I’ve called this super sushi because it’s super-good for you with protein- and fibre-rich quinoa, omega 3-packed salmon, loads of healthy fats from avocado and vitamins and minerals from crunchy cucumber.
¾ cup short-grain sushi rice
¾ cup quinoa (I like to use a mix of red and black quinoa, but any quinoa is fine)
2¼ cups water
A good pinch of salt
1½ tbsp Japanese rice vinegar
2 tsp mirin (or, if you don’t have mirin,
use 1 tsp sugar)
TO ASSEMBLE AND SERVE
500g fresh salmon fillet, skin
½ large telegraph cucumber
Flesh of 1 large avocado (just ripe) 4 nori seaweed sheets
Soy sauce, wasabi, pickled ginger,
1. Combine rice, quinoa, water and salt in a pot, cover and bring to the boil. Reduce to lowest heat; simmer, covered, for 15 mins. Turn off heat and leave to steam, still covered, for a further 8 mins. 2. Spread cooked rice out on a tray or in a large dish and sprinkle with vinegar and mirin. Leave to cool, then mix to distribute through evenly. 3. Cut salmon into 1.5cm-wide strips.

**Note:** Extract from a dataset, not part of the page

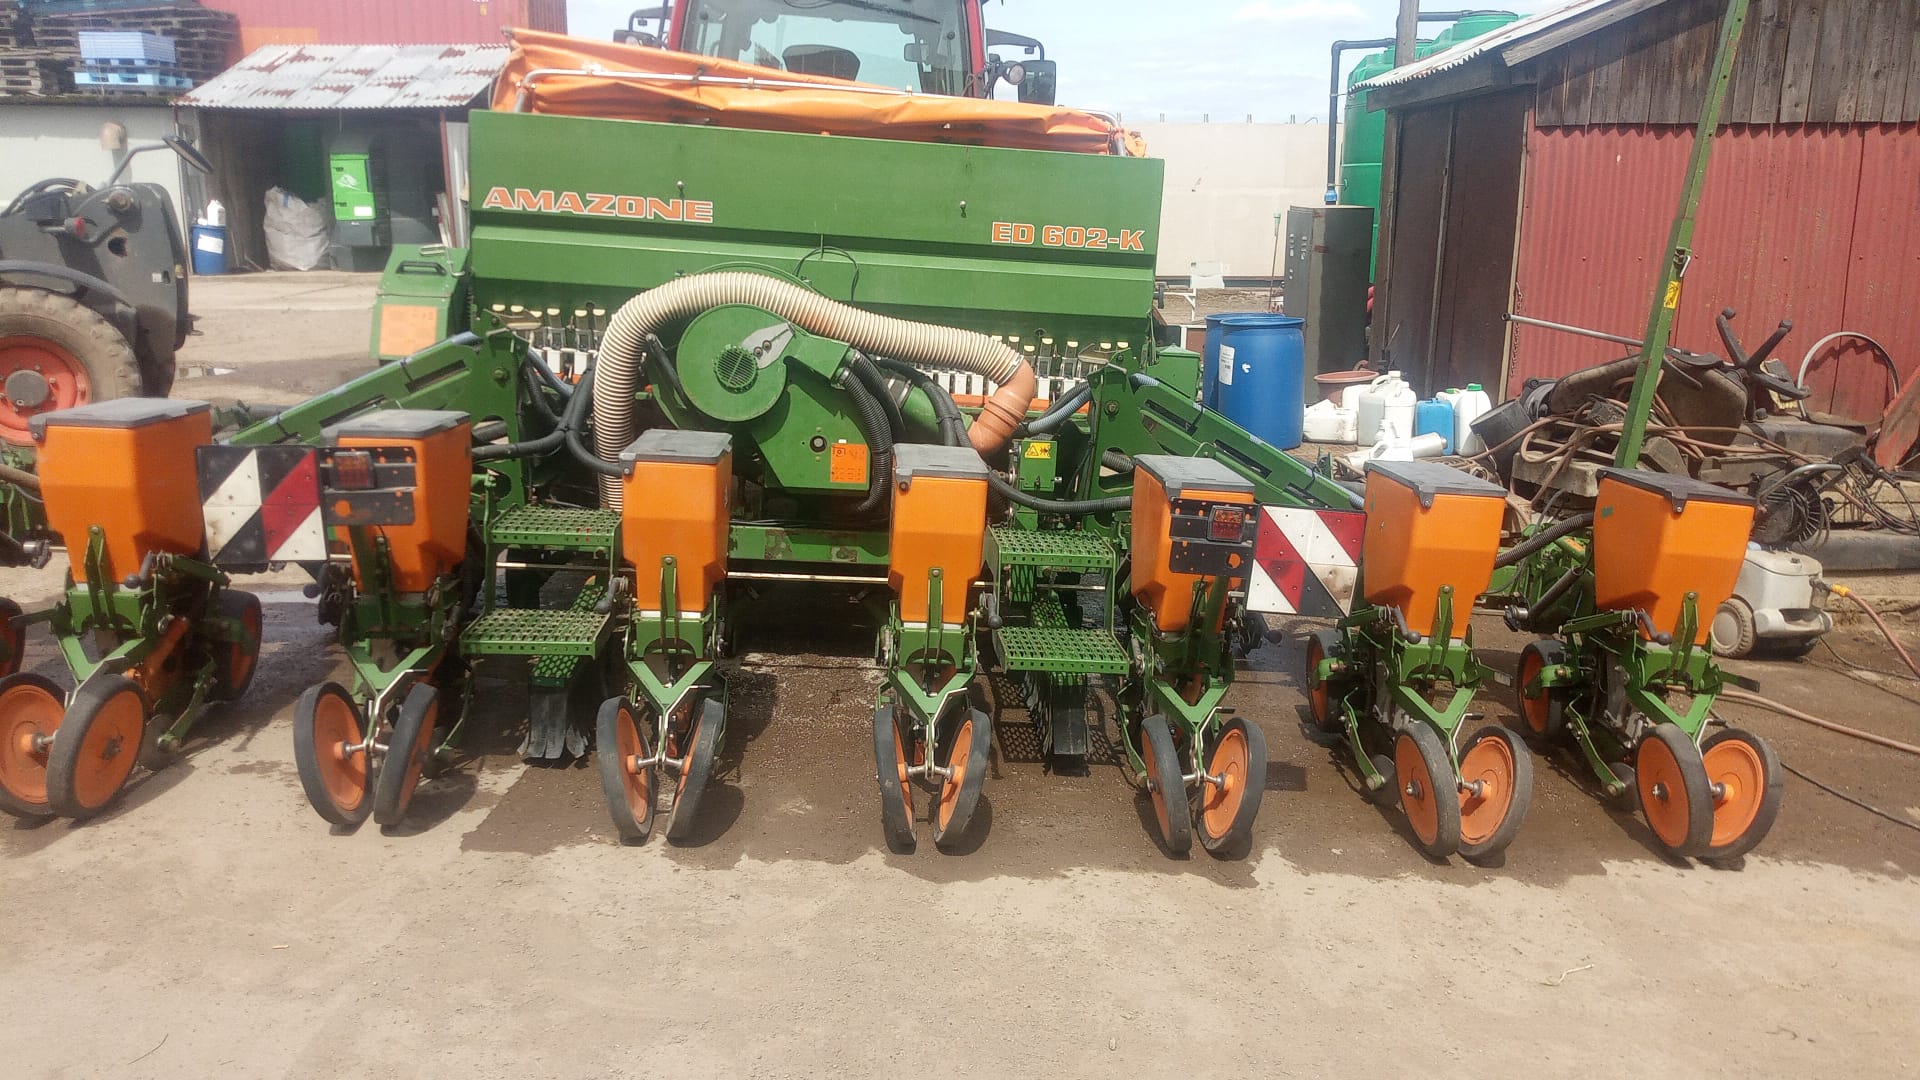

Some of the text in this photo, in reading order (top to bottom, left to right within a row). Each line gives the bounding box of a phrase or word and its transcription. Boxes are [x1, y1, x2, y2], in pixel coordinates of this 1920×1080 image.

Cut cucumber in half, then cut each half into quarters lengthways and cut out the seeds. Cut each piece into three strips. Slice the avocado.
4. To roll the sushi, place a sheet of nori on a clean, dry, flat surface, making sure the rough side of the nori is facing up. Wet your hands (to avoid sticky fingers) and make a good handful of rice into a ball. Place in the middle and gently spread it (don’t compress it) equally over the nori, creating a layer of rice that covers almost all the nori, except a 2cm margin at the top.
5. Arrange strips of cucumber, salmon and avocado along the length of the nori closest to you. Roll the nori and rice over the filling, enclosing it firmly, then continue rolling with gentle pressure so that the roll is nice and tight. When you get to the 2cm margin at the top, dip your finger in water and wet the strip of nori ever so slightly. Then continue rolling to close the sushi – the damp nori will stick to the rest of the roll. Repeat with remaining nori, quinoa rice and fillings.
6. Use a sharp, clean knife to cut each roll into 6-8 pieces. Serve with soy sauce, wasabi and pickled ginger.